18 October 2007 16:51 [Source: ICIS news]
"During the first half of the year, high feedstock prices impacted the petrochemicals business. However, strong demand from the end-user segments allowed for better prices across the value chain," RIL said.
The business also benefited from higher volumes through the integration of Indian Petrochemicals Corp Limited (IPCL), it added.
"Production from the new polyester facility has been placed successfully in the market. RIL now has a domestic market share in excess of 51% in the polyester segment," it added.
RIL has maintained its focus on specialty products, which now account for 55% of PSF and 40% of PFY production, it said.
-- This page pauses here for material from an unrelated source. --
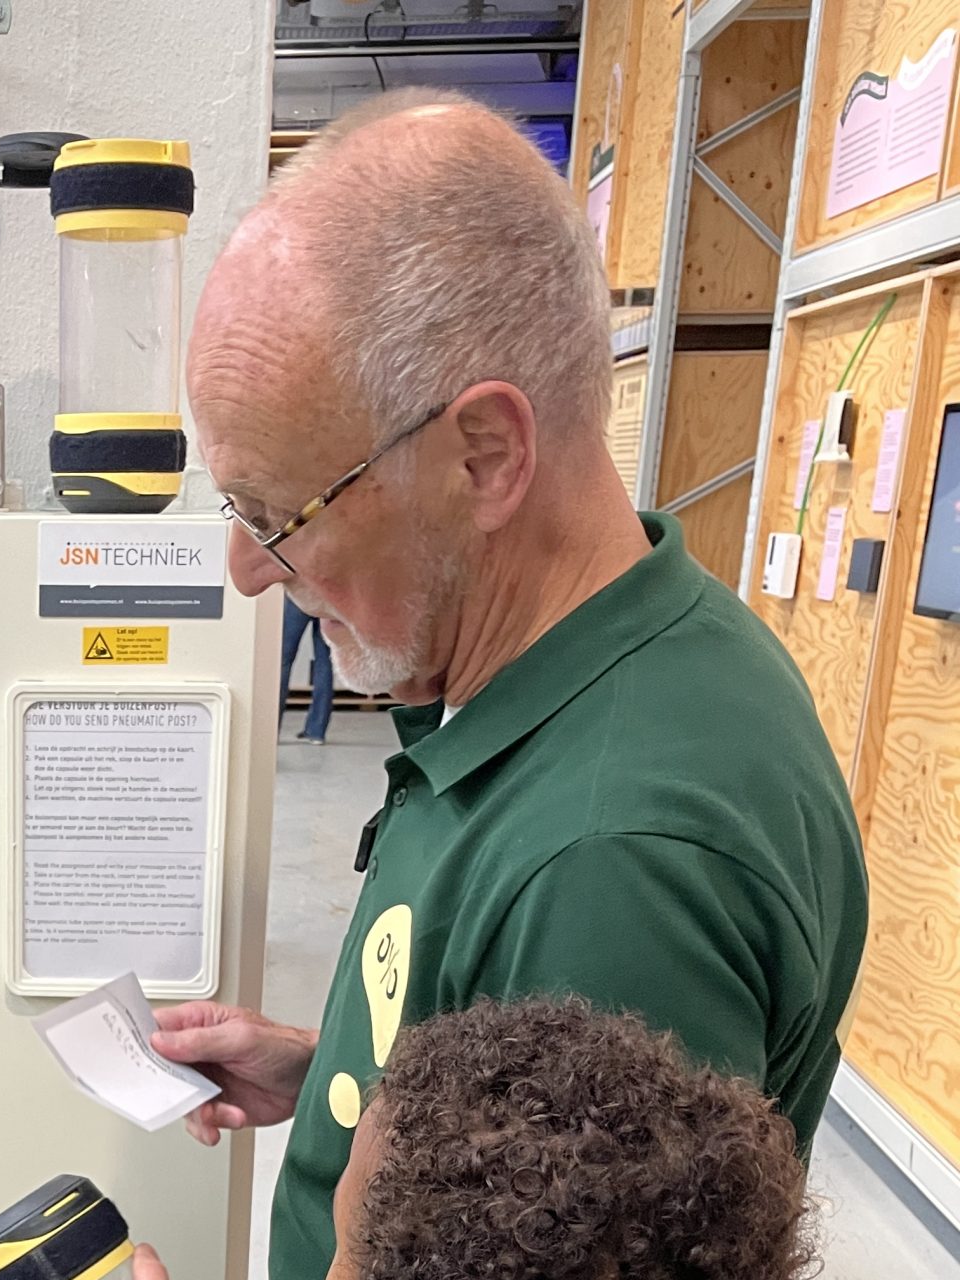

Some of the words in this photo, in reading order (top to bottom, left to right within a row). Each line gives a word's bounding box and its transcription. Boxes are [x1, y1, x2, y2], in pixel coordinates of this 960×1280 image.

The company’s polyester intermediates, which include paraxylene (PX), purified terephthalic acid (PTA) and monoethylene glycol (MEG) production grew 14% to nearly 2.4m tonnes.
"This significant increase in production is attributed to the new 730,000 tonne/year PTA plant at Hazira [in West Bengal state], which was commissioned in the second quarter of 2006-2007," Reliance said, adding its domestic market share in polyester intermediates stood at 78%.
"Polyester witnessed exciting demand growth in the domestic market at 20% over the corresponding period of the previous year," RIL said.
Robust growth at 28% was also seen in PET, and demand for partially oriented yarn (POY) grew 24%, while that for PSF grew 12%, it said.
"The increased demand for polyester was driven by robust downstream investments during the previous year," it added.
RIL’s agreement with Malaysian polyester producer Hualon will help its increase manufacturing capacity 25% to 2.5m tonnes/year.
"With this acquisition, RIL’s global market share in polyester fibre and yarn will exceed 7%," it said.
Reliance’s polymers business witnessed sustained growth, with aggregate production volumes of polypropylene (PP), polyethylene (PE) and polyvinyl chloride (PVC) growing 6% to 1.66m tonnes/year, it said.
The increase in production was attributed to the full impact of the new PP plant at Jamnagar in Gujarat, and to the scheduled maintenance shutdown of the Hazira cracker and downstream plants a year ago, it added.
RIL continues to be India’s largest polymers producer with a domestic market share of 69%, it said.
The domestic polymers market witnessed demand growing at 16%. Robust growth was seen across polymers - PP demand grew 15%, PE 18% and PVC 15%, it added.
"The increased demand came largely from end-use segments like flexible packaging, infrastructure, cables, consumer durables and agriculture," RIL said.
In the chemicals segment, during the first six months of the fiscal year, linear alkyl benzene (LAB) output remained unchanged at 80,500 tonnes, while it manufactured 21% more butadiene at 86,000 tonnes.
RIL expects margins to remain stable in the short term due to a lack of capacity additions and rising demand.
However, incremental capacities coming on stream in the Middle from 2008 onwards could have an impact on operating rates and margins, it added.